I remember I would never tell him about career day, because i was embarrassed that he would make me look stupid, I'd be known as the kid whose dad couldn't speak English, and had a shameful job. The first day I got my license my dad asked me to do a favor and exchange some coins for cash at TD Bank, I looked in my Ford Explorer and saw a 50 lb. tub full of coins, I was so Embarrassed at what people would think of me when i lugged in that bucket of coins that i actually visited 4 different banks and cashed the coins that way. I was so embarrassed at my dad. I never told him how I felt.
I'm older now, and I hope a little bit smarter. I realize that actually My dad has the most fucking Awesome job in the God damn Universe, He has enough self resolve to swallow his pride and work a job that he never wanted to do He has the brass balls to handle a man's dirty clothes and under garments smile to his face and take his money, he sweats during the summer, to the point where he needs to bring an extra set of clothes everyday. The steam raises the Ambient temperature to 110+, In the Winter he freezes, he feels the cold winter chill everyday, we can't afford to raise the heat and keep the boiler running all day you see. Whenever Shit breaks, which it always does because our machines are old and very temperamental he needs to get down under heavy machines and get covered in dirty water and sludge while fixing sensitive electronic parts and dangerous metal bits. frankly when he's done fixing it, he smells like garbage. Even though I have the technical know how and i am stronger than he is, he still won't let me fix the machines. He doesn't want me to dirty my clothes and myself. that man is selfless to the end.

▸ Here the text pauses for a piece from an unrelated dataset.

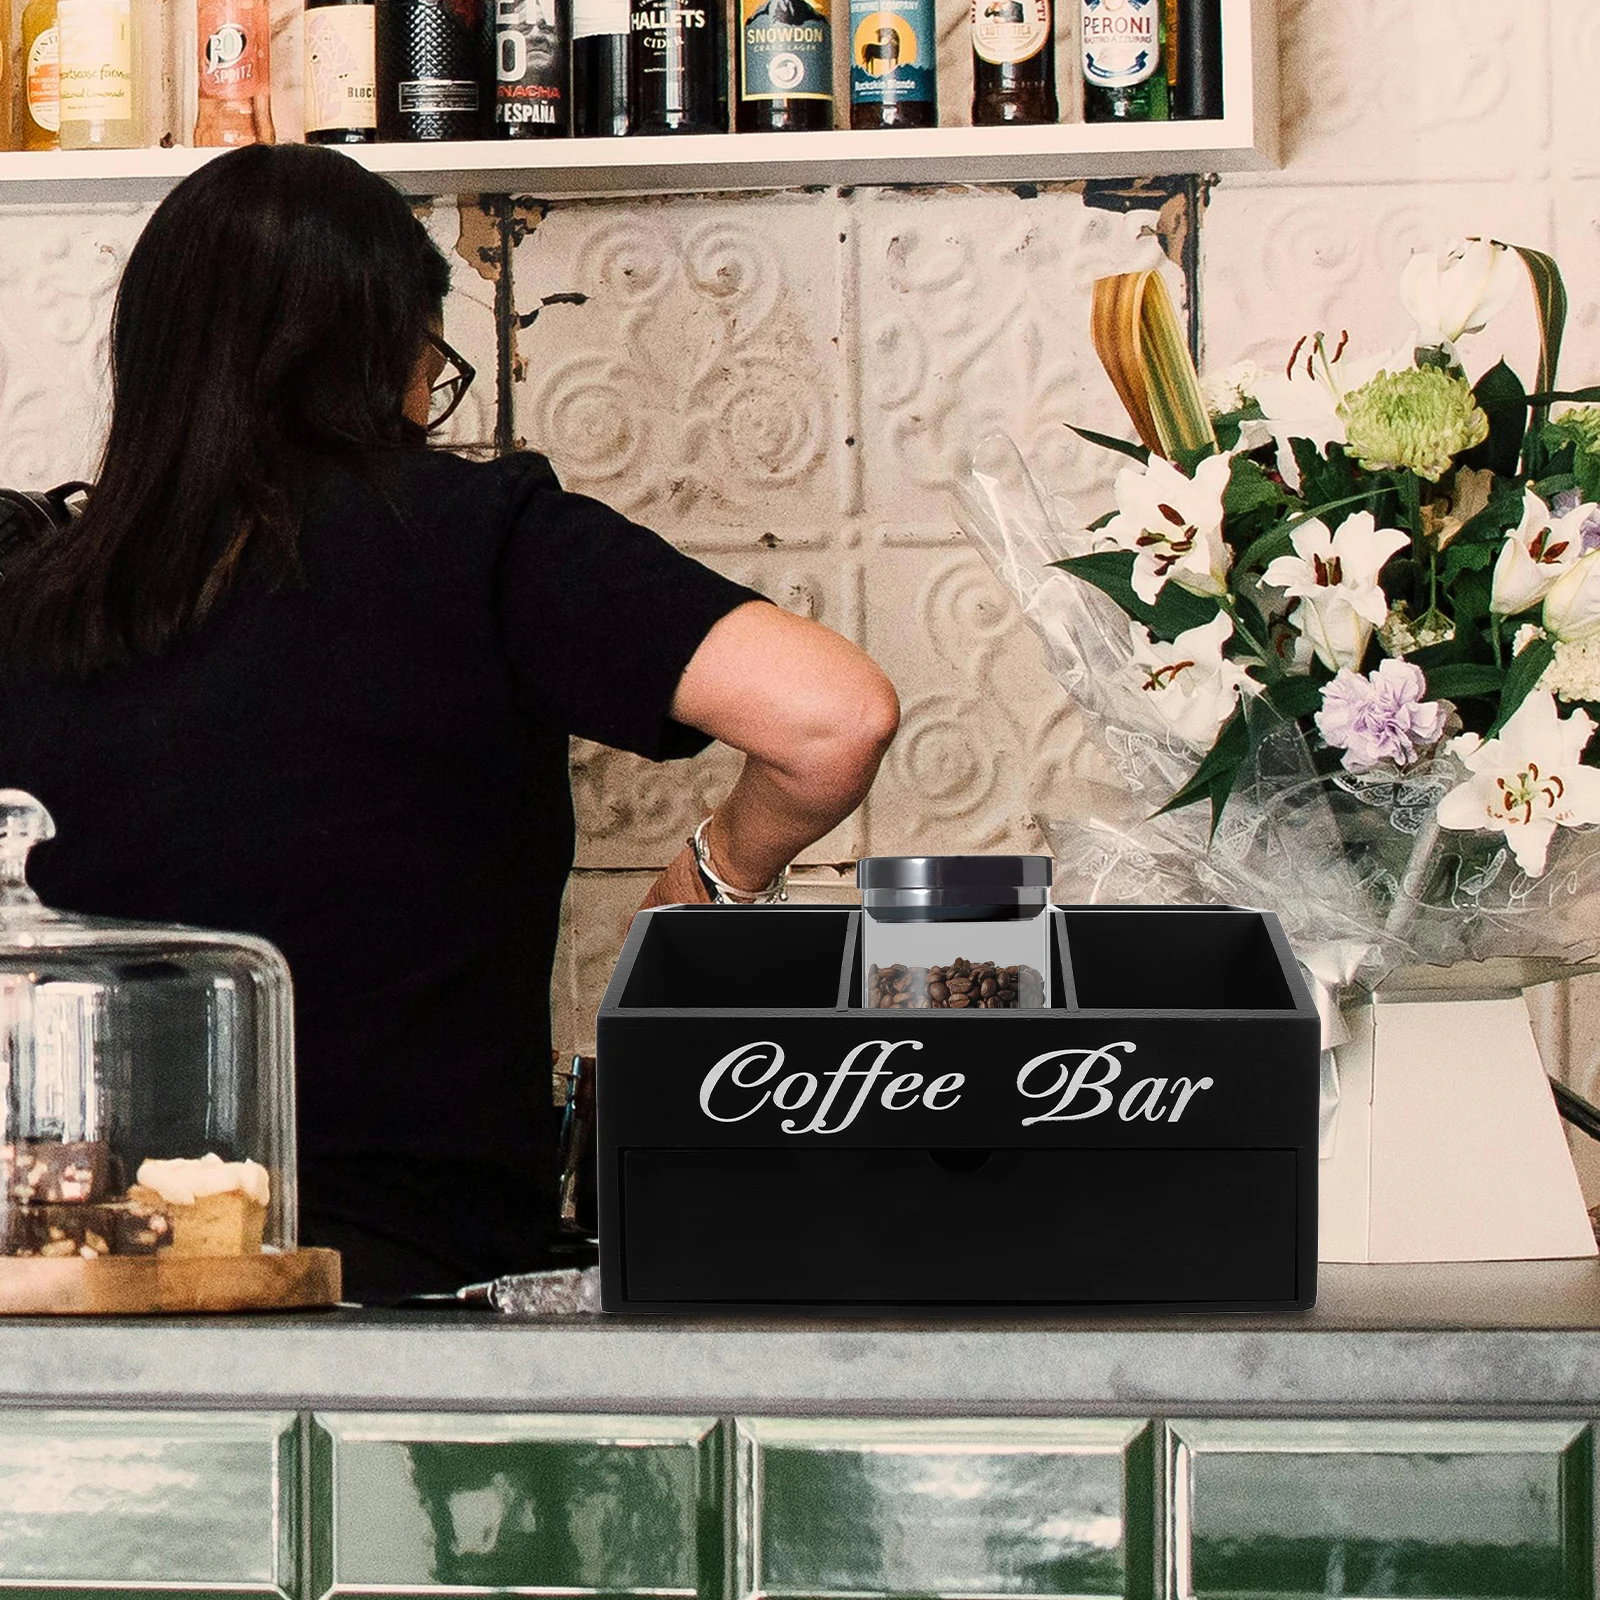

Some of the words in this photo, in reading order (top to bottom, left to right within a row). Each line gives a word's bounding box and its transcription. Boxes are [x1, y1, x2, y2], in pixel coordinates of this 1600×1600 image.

He asks me every time I'm home to deposit buckets of change. One day as I was leaving to do so he said something that stopped me in my tracks. "I'm sorry if I ever embarrassed you because of my job, It's the only thing I know how to do here in America". The look on his face, I couldn't describe it to you for all the money in the world, but the closest i could get to it would be a mix of disappointment and failure. It CLICKED in my head that he was just as embarrassed about his job as I was when i was a kid. Dad there's not a damn thing you need to apologize for, you worked yourself so fuckin' hard, so that I could have a decent future.
When I go to deposit change now i consistently go to the one bank closest to me, I look around as the coin sorting machine digests the heavy metal i force feed down its gullet. It's loud and OBNOXIOUS (kinda like me) , I love it. The machine becomes full and a disgruntled employee has to grudgingly open the machine up and exchange coin receptacles and lug the full ones to the vault. People ask me what is it that I do that generates so many pounds of change all the time, I look at them proudly and tell 'em My dad owns a laundromat and a dry cleaners. I'm not embarrassed anymore, since I've gotten older, I've become proud of my dad's career choice, He's an honest American working stiff who busts his ass day in and day out to provide for his family. we're a bit more financially stable thanks to the sweat of his brow and the strength of his back.
Dad, I just wanted to say thanks. I'll pay you back, for the money and the time, the support, and love you showed a troubled drug dealing teenager.
Pocket Change. I'm talking pennies nickels and dimes, Quarters and Half Dollars. Pocket Change. The fractions of the dollars we spend everyday. the insignificant little discs of metal that we can't be bothered to pick up when a couple slip between our fingers because we're in a rush. After all it's just change right?